About this task » Give back exactly the lines spanning from the one containing "this 2368×1568 image." to the final line of the records below, and no others.

Annotated photo localization data:
_____

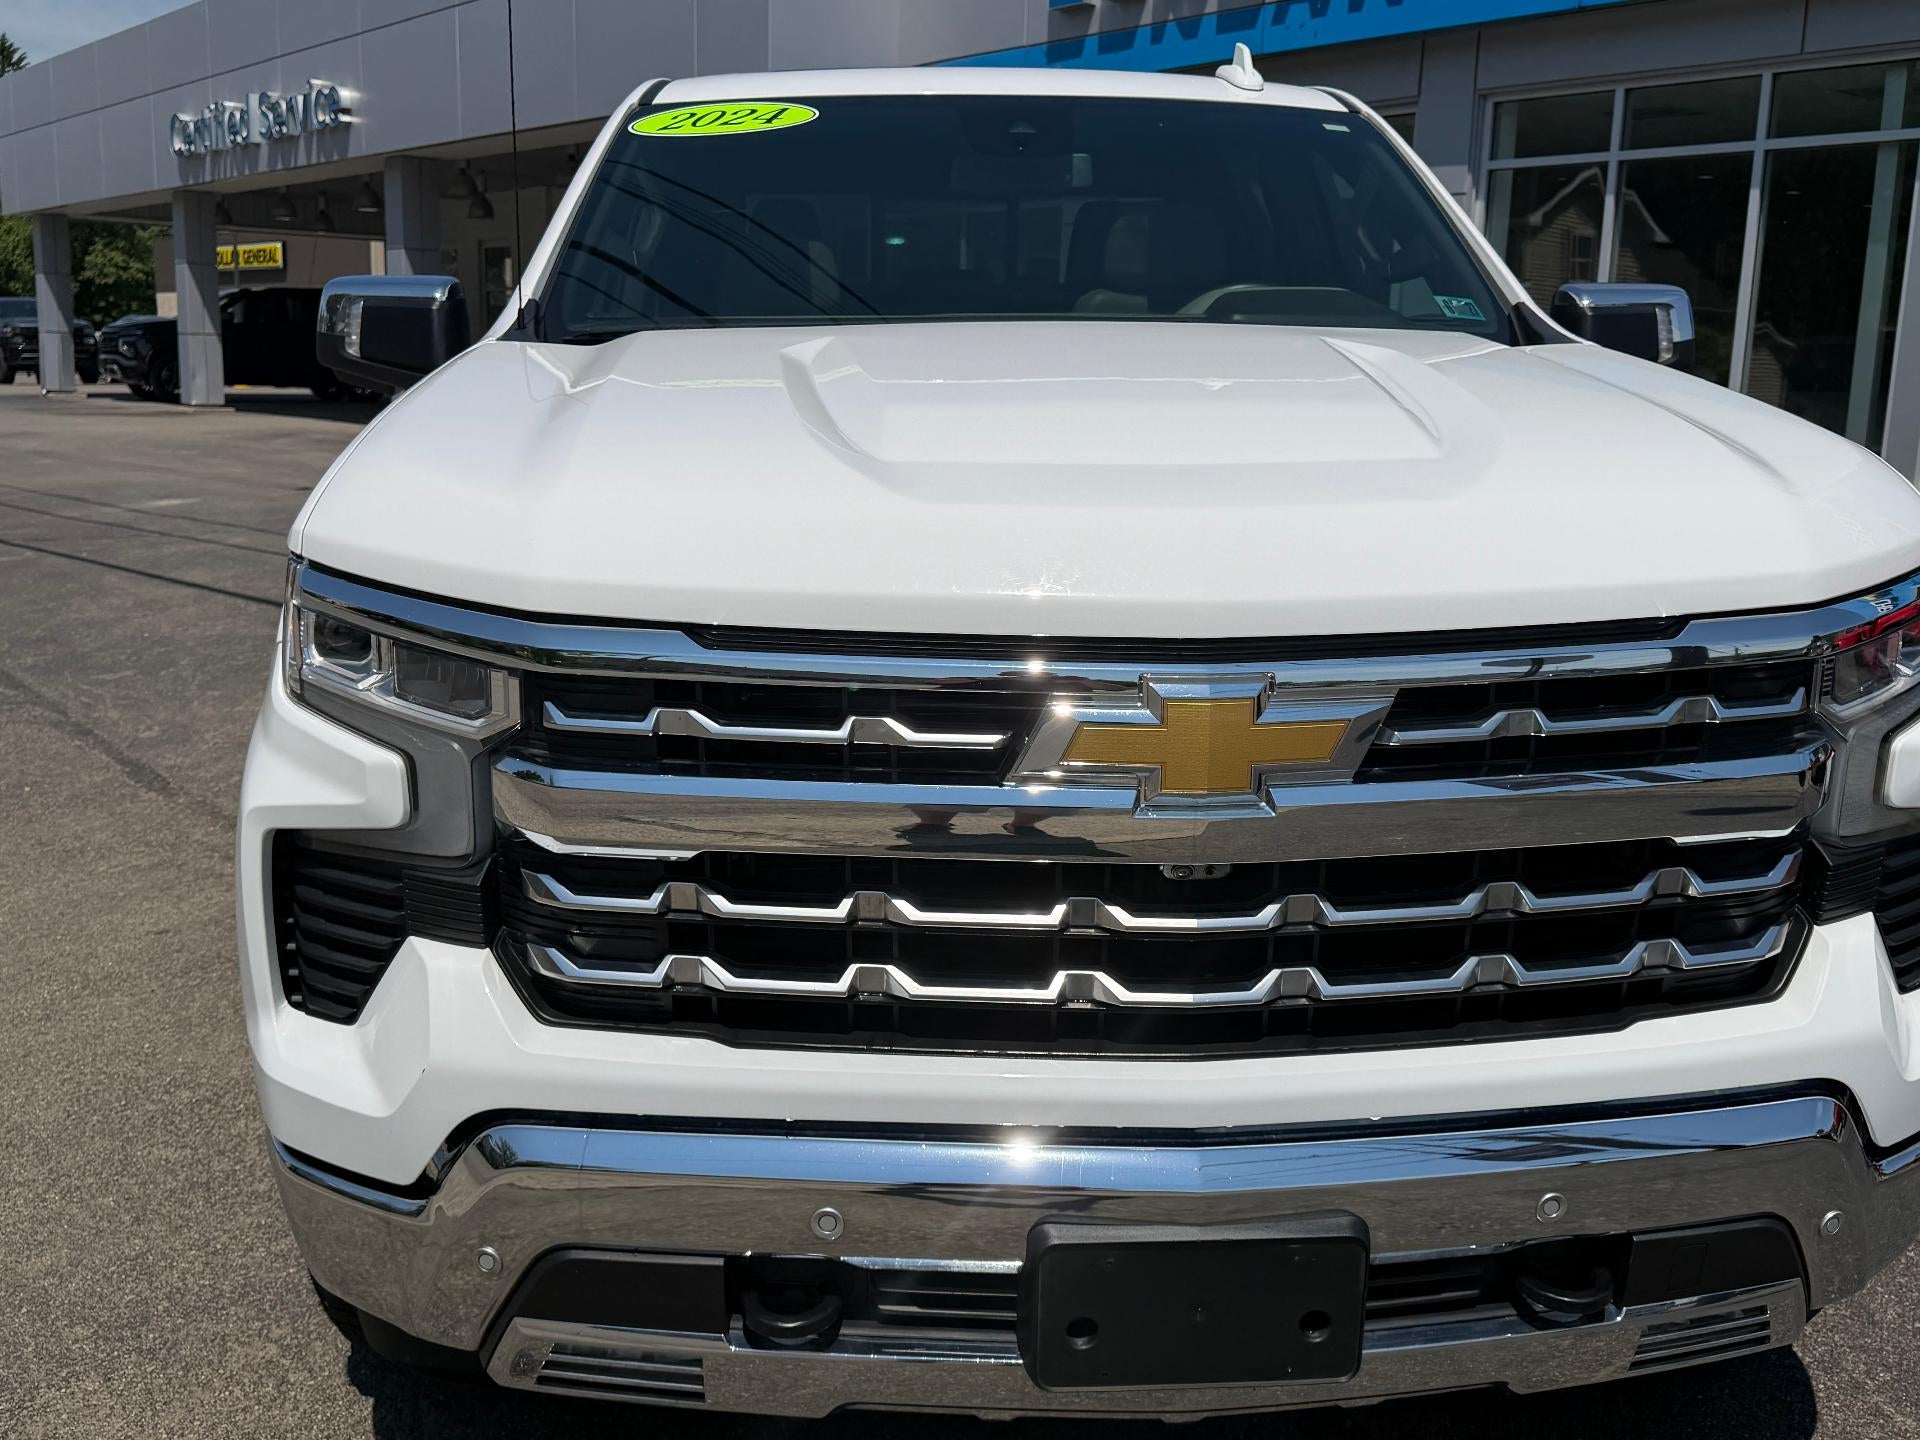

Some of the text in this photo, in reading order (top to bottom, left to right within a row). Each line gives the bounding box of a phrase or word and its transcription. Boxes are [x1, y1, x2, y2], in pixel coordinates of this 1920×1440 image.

[170, 79, 346, 157] Certified Service
[656, 107, 790, 131] 2024
[243, 246, 279, 264] GENERAL
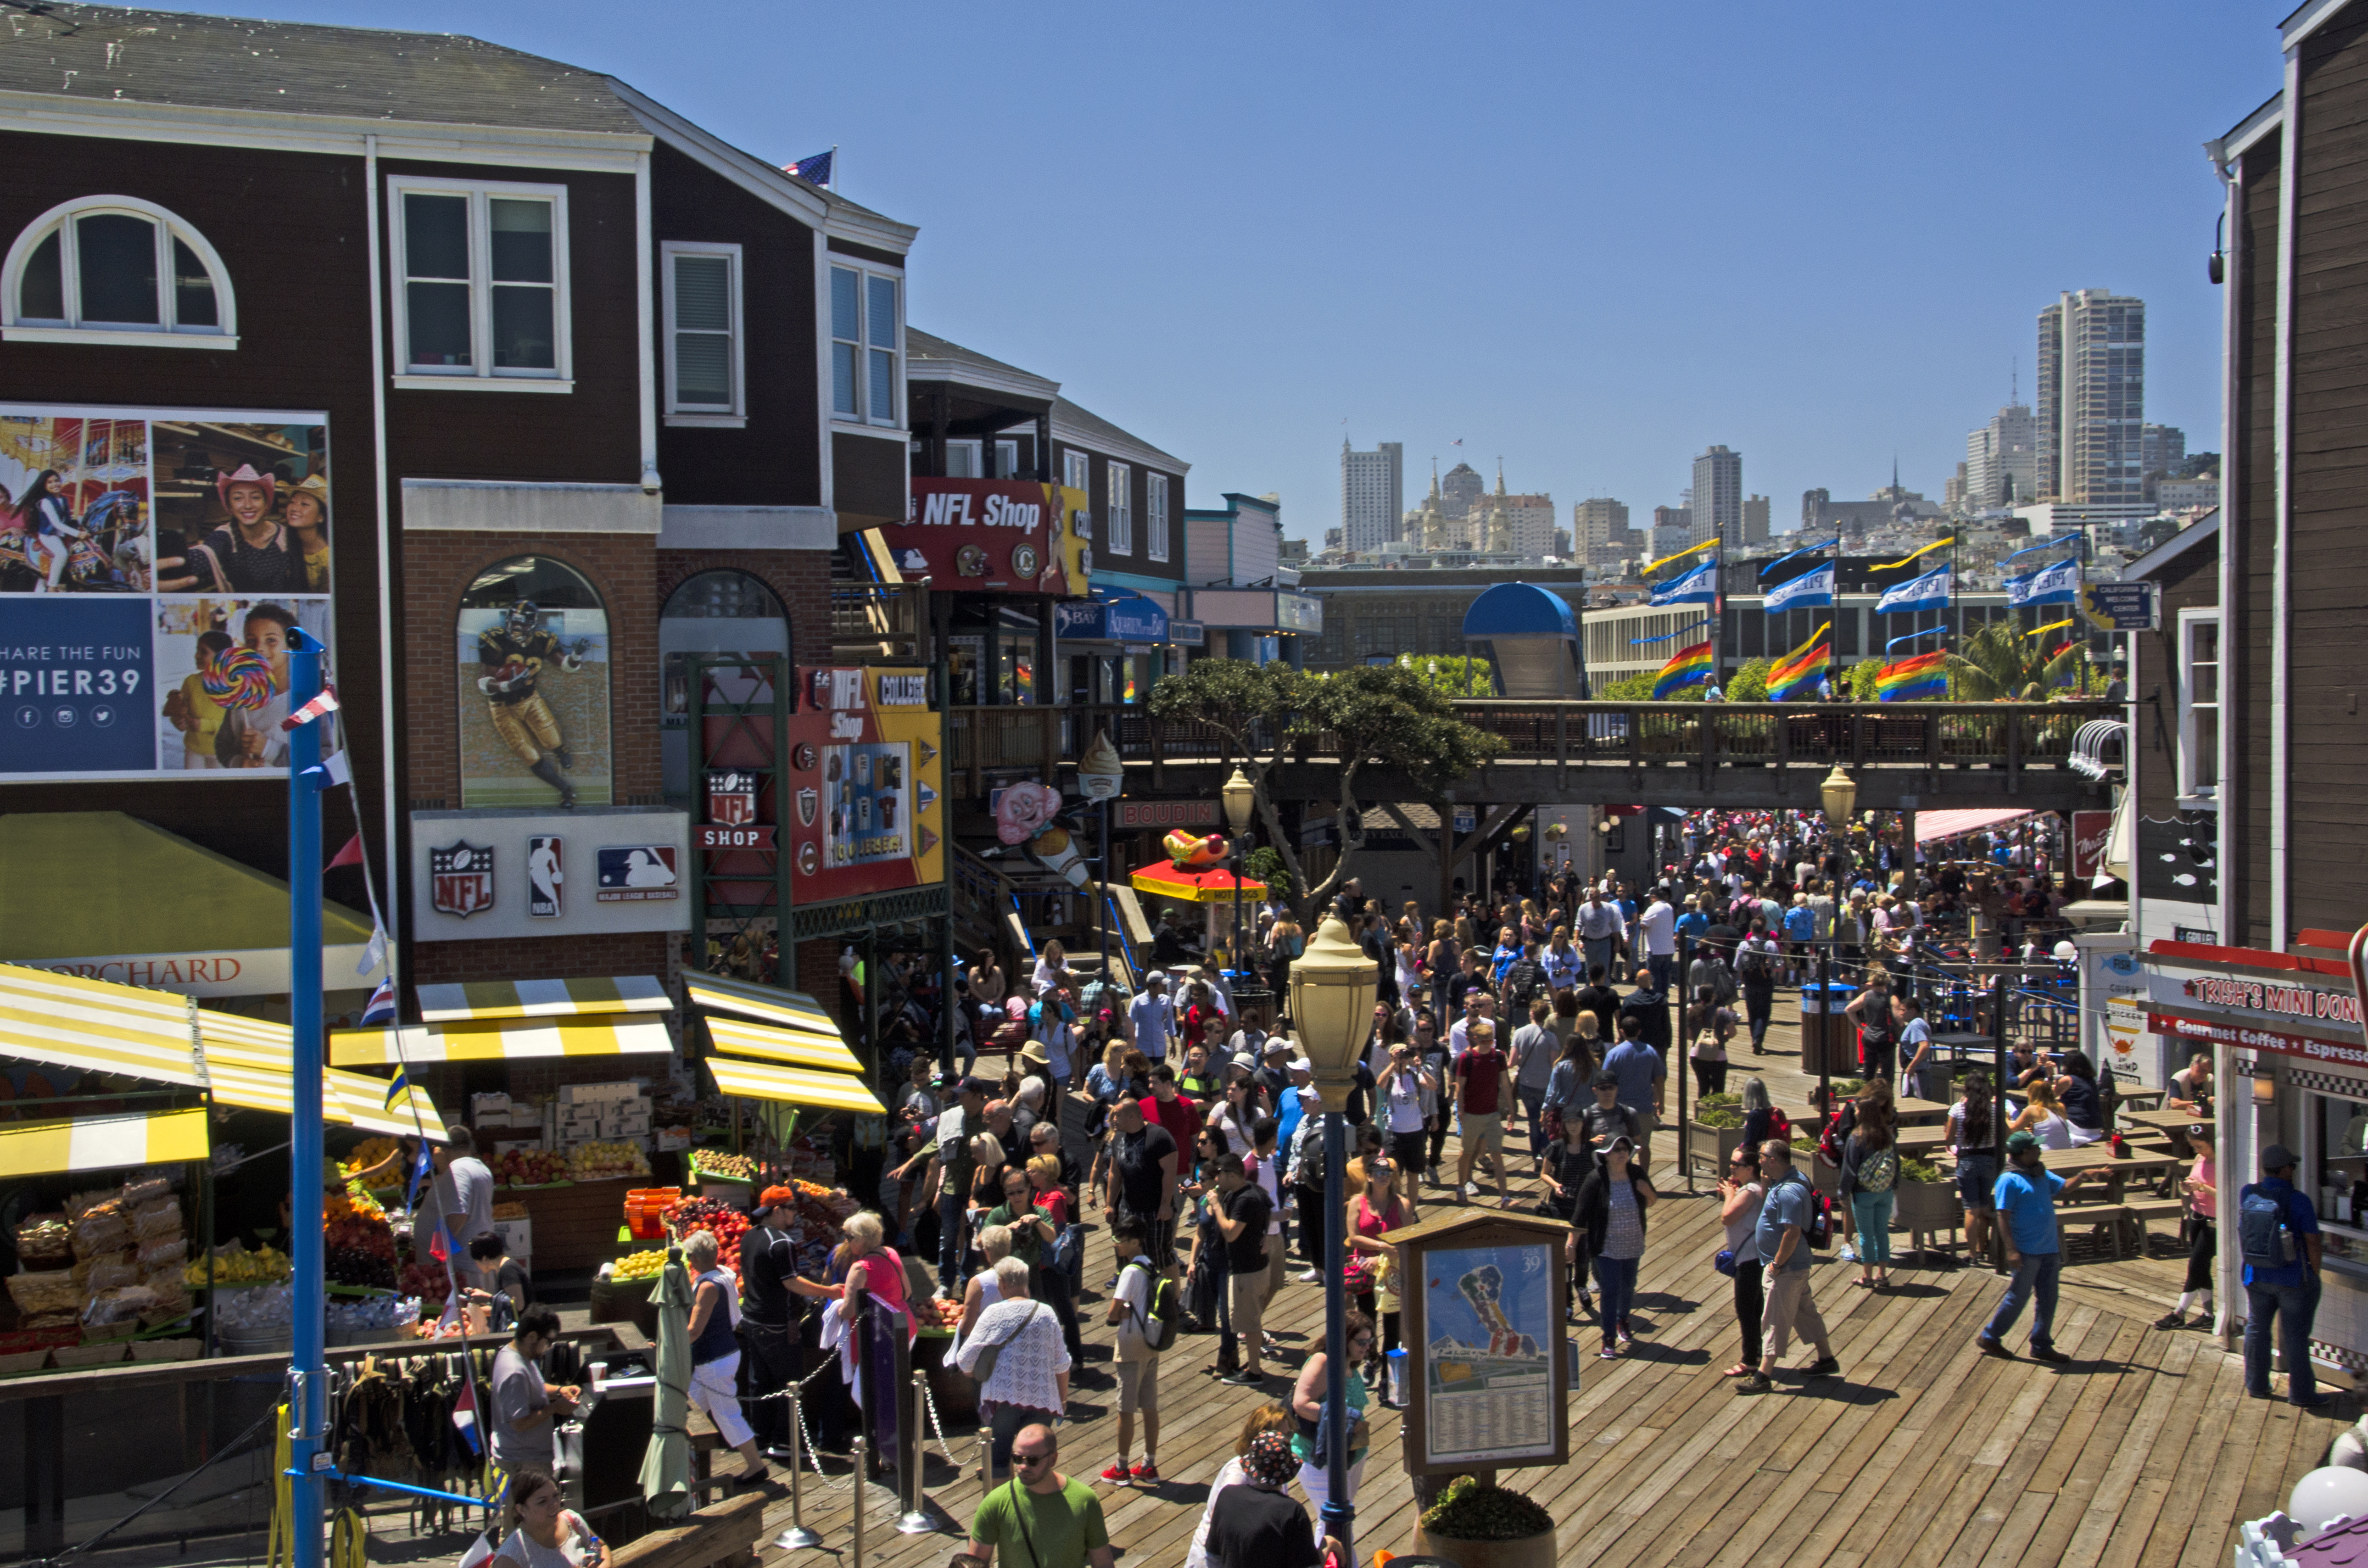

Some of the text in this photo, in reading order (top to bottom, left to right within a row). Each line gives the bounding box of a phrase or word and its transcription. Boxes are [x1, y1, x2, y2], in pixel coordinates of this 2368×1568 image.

[923, 493, 1040, 535] NFL Shop
[1072, 612, 1097, 624] BAY
[0, 647, 141, 660] HARE THE FUN
[0, 669, 140, 695] #PIER39
[829, 670, 865, 709] NFL
[830, 712, 864, 743] Shop
[711, 794, 753, 824] NFL
[1123, 803, 1212, 825] BOUDIN
[705, 831, 759, 846] SHOP
[437, 875, 491, 911] NFL
[1214, 889, 1258, 900] HOT OGS
[531, 902, 553, 914] NBA
[2113, 958, 2131, 971] FISH
[2195, 977, 2263, 1009] TRISH'S
[2265, 985, 2314, 1017] MINI
[2175, 1019, 2286, 1049] Gourmet Coffee
[1522, 1256, 1541, 1272] 39

_____

Expected answer »
Some of the text in this photo, in reading order (top to bottom, left to right within a row). Each line gives the bounding box of a phrase or word and its transcription. Boxes are [x1, y1, x2, y2], in pixel coordinates of this 2368×1568 image.

[923, 493, 1040, 535] NFL Shop
[1072, 612, 1097, 624] BAY
[0, 647, 141, 660] HARE THE FUN
[0, 669, 140, 695] #PIER39
[829, 670, 865, 709] NFL
[830, 712, 864, 743] Shop
[711, 794, 753, 824] NFL
[1123, 803, 1212, 825] BOUDIN
[705, 831, 759, 846] SHOP
[437, 875, 491, 911] NFL
[1214, 889, 1258, 900] HOT OGS
[531, 902, 553, 914] NBA
[2113, 958, 2131, 971] FISH
[2195, 977, 2263, 1009] TRISH'S
[2265, 985, 2314, 1017] MINI
[2175, 1019, 2286, 1049] Gourmet Coffee
[1522, 1256, 1541, 1272] 39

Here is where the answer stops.